***** Task data *****
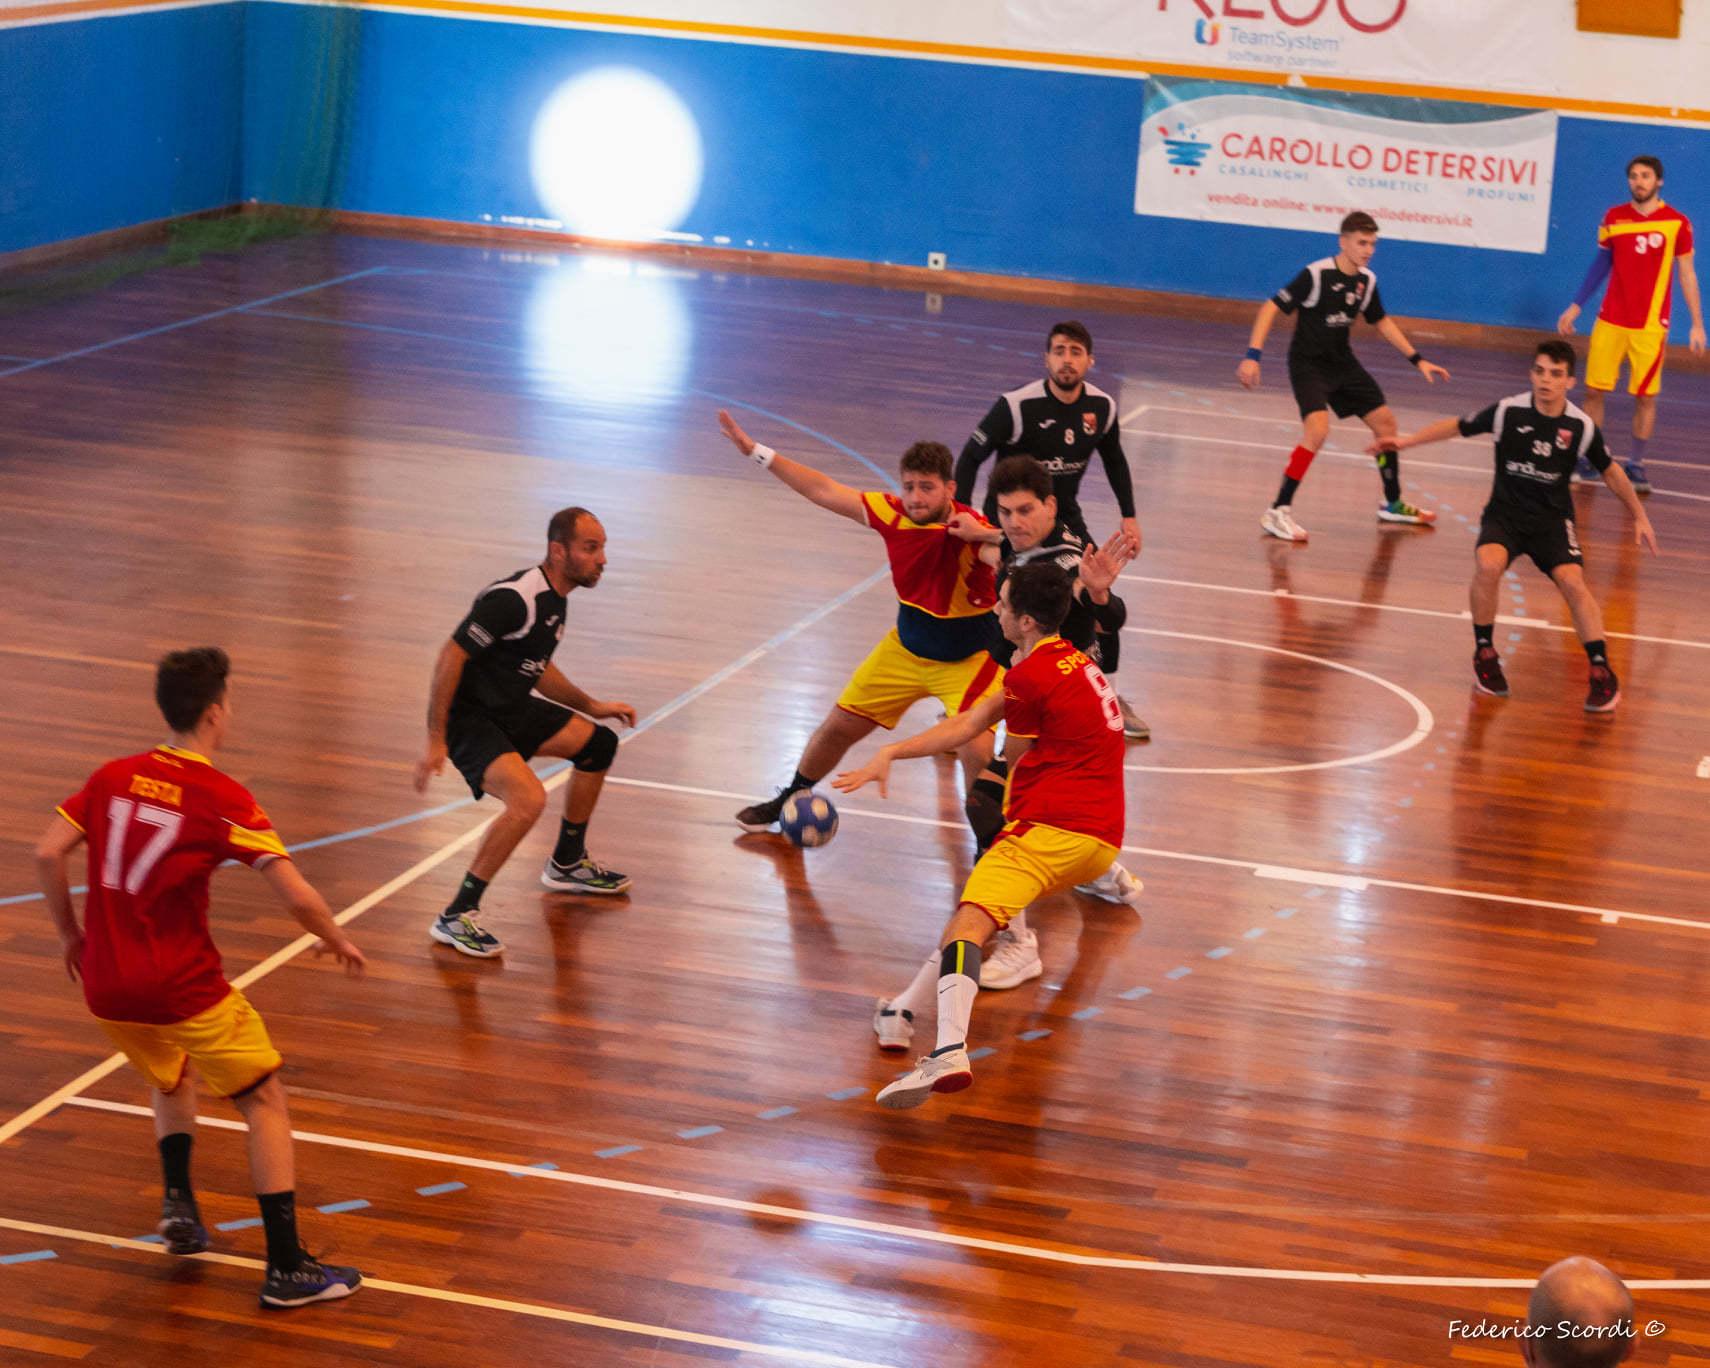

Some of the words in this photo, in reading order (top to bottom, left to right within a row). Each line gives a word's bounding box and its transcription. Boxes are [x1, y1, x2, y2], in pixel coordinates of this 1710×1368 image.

[1229, 26, 1339, 52] TeamSystem
[1221, 132, 1373, 170] CAROLLO
[1382, 147, 1537, 186] DETERSIVI
[1218, 163, 1309, 182] CASALINGHI
[1347, 176, 1429, 194] COSMETICI
[1466, 187, 1536, 203] PROFUMI
[1207, 192, 1259, 208] vendita
[1262, 197, 1309, 212] online:
[1064, 428, 1075, 446] 8
[1532, 439, 1553, 458] 38
[1083, 663, 1125, 732] 8
[100, 795, 186, 895] 17
*****
Set down the data above verbatim, omitting every image.

**Output**
Some of the words in this photo, in reading order (top to bottom, left to right within a row). Each line gives a word's bounding box and its transcription. Boxes are [x1, y1, x2, y2], in pixel coordinates of this 1710×1368 image.

[1229, 26, 1339, 52] TeamSystem
[1221, 132, 1373, 170] CAROLLO
[1382, 147, 1537, 186] DETERSIVI
[1218, 163, 1309, 182] CASALINGHI
[1347, 176, 1429, 194] COSMETICI
[1466, 187, 1536, 203] PROFUMI
[1207, 192, 1259, 208] vendita
[1262, 197, 1309, 212] online:
[1064, 428, 1075, 446] 8
[1532, 439, 1553, 458] 38
[1083, 663, 1125, 732] 8
[100, 795, 186, 895] 17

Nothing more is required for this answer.